Regarding this creature, Argentine naturalist Estanislao Zeballos writing about it in 1870, called it “huamil” (did he mean huemul which is a variety of deer that lives in Patagonia?) and said that it had a “mysterious shout that sounded oop, name by which it was known by some Indians and under which they professed a religious respect”.[4]

Nowadays there are no wolves in Patagonia, only foxes. Furthermore, the "Andean wolf" should not be mistaken for the "Lobo Andino" (Spanish for "Andean wolf"), which is a species of fox (Pseudalopex culpaeus) whose geographic range extends from Colombia to Tierra del Fuego along the Andes and is also known as "Red fox" or "Andean fox". See photograph below.[5][6]

Andean fox

Pseudalopex culpaeus. From: [6] Copyright © Fiona Reid

Bibliography.

[1] FitzRoy, R. Op. Cit. vii. pp. 251.
[2] Krumbiegel, I., (1950). Von neuen und unendeckten Tierarten. Stuttgart: Franckh.
[3] De la Cruz, L. (1835). Descripción de la naturaleza de los terrenos que se comprenden en los Andes, poseídos por los peguenches… B. Aires: Imprenta del Estado. pp. 25-26.
[4] Zeballos, E., (1958). La Conquista de quince mil leguas. B. Aires: Hachette. pp.230-231.
[5] The IUCN Red List of Threatened Species. Online Here.
[6] Sistema de Información de la Biodiversidad, which displays an image from: Redford, K., H. and Eisemberg, J., F., (1992). Mammals of the Neotropics. The southern cone. Vol. 2. Chile, Argentina, Uruguay and Paraguay. Univ. of Chicago Press, Chicago and London.
[7] Hagenbeck, L., (1956). Animals Are My Life London: The Bodley Head. pp. 126.

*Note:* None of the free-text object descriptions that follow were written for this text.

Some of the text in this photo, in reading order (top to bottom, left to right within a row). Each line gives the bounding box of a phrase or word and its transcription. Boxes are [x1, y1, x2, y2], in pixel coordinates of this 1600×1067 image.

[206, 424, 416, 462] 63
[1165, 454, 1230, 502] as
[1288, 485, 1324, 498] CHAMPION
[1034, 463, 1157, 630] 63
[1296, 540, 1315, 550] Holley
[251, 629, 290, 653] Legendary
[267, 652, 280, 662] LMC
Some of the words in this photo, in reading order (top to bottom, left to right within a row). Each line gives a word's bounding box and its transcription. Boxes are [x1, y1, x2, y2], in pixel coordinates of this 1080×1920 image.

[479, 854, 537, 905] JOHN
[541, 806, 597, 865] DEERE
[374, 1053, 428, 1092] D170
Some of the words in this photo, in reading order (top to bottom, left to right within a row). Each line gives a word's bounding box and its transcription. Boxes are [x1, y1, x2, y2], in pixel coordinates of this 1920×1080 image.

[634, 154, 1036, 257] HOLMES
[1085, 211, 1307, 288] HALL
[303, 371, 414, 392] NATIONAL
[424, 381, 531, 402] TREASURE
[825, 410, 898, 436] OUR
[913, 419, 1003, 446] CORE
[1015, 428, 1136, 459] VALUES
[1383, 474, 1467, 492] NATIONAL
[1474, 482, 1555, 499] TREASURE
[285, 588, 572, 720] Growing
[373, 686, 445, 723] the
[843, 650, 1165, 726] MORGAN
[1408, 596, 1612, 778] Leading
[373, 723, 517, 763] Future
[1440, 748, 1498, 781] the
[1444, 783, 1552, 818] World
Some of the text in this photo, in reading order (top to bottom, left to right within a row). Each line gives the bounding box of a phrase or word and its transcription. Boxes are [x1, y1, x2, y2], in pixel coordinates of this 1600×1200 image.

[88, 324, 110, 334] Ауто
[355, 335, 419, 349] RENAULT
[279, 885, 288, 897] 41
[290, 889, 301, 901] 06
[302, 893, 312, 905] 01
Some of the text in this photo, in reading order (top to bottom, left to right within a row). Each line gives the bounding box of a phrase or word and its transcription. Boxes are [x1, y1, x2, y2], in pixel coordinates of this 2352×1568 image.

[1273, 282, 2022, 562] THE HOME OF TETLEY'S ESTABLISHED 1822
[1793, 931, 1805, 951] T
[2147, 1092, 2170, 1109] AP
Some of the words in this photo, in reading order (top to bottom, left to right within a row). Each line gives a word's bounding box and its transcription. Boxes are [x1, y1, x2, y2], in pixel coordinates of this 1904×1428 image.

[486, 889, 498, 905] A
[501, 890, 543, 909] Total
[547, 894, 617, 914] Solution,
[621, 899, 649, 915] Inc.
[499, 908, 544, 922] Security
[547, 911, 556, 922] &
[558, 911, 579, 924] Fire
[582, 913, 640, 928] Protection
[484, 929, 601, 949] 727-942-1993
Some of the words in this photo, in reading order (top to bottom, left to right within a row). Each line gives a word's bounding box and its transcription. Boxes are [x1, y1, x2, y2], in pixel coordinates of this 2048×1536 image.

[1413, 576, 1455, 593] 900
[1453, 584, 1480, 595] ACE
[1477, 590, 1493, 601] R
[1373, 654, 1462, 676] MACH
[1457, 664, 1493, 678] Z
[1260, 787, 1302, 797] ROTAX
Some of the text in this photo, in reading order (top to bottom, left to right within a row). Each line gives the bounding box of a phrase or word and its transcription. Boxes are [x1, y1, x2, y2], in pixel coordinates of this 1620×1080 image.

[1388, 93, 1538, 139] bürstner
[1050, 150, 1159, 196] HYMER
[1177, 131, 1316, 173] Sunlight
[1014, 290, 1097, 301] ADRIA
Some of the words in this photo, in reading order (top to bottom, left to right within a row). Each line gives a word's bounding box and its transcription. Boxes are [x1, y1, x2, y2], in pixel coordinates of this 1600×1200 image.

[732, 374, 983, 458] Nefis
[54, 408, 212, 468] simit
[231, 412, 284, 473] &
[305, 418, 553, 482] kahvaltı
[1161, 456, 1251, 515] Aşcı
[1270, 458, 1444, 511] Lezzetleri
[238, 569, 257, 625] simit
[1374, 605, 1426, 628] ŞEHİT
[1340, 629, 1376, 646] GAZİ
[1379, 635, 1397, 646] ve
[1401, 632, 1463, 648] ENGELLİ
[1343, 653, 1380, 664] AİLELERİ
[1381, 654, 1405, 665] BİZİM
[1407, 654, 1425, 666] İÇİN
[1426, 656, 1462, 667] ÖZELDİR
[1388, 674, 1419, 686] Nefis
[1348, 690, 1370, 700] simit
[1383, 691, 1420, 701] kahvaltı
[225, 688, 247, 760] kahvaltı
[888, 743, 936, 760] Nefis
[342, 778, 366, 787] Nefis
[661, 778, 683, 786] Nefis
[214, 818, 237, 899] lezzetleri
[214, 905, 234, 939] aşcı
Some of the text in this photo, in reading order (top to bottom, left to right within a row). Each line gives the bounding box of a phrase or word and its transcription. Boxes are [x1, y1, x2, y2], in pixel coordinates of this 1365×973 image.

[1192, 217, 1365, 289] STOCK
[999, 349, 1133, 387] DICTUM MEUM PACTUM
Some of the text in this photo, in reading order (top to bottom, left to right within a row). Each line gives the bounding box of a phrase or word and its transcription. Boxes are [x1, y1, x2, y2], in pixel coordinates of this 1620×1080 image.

Copyright 2009 by Austin Whittall ©

Patagonian Monsters

1 comment:

  1. I live here in Patagonia and one day I was walking down on the Patagonia train track trail and our dogs started barking and started to run off. I looked up and right there in front of us was a Mexican grey wolf. it was one of the amazing things I have ever seen. it ran off right after of course because of our dogs. but just that one glimpse of it was just so amazing and I really hope that the Mexican grey wolf comes back to our area.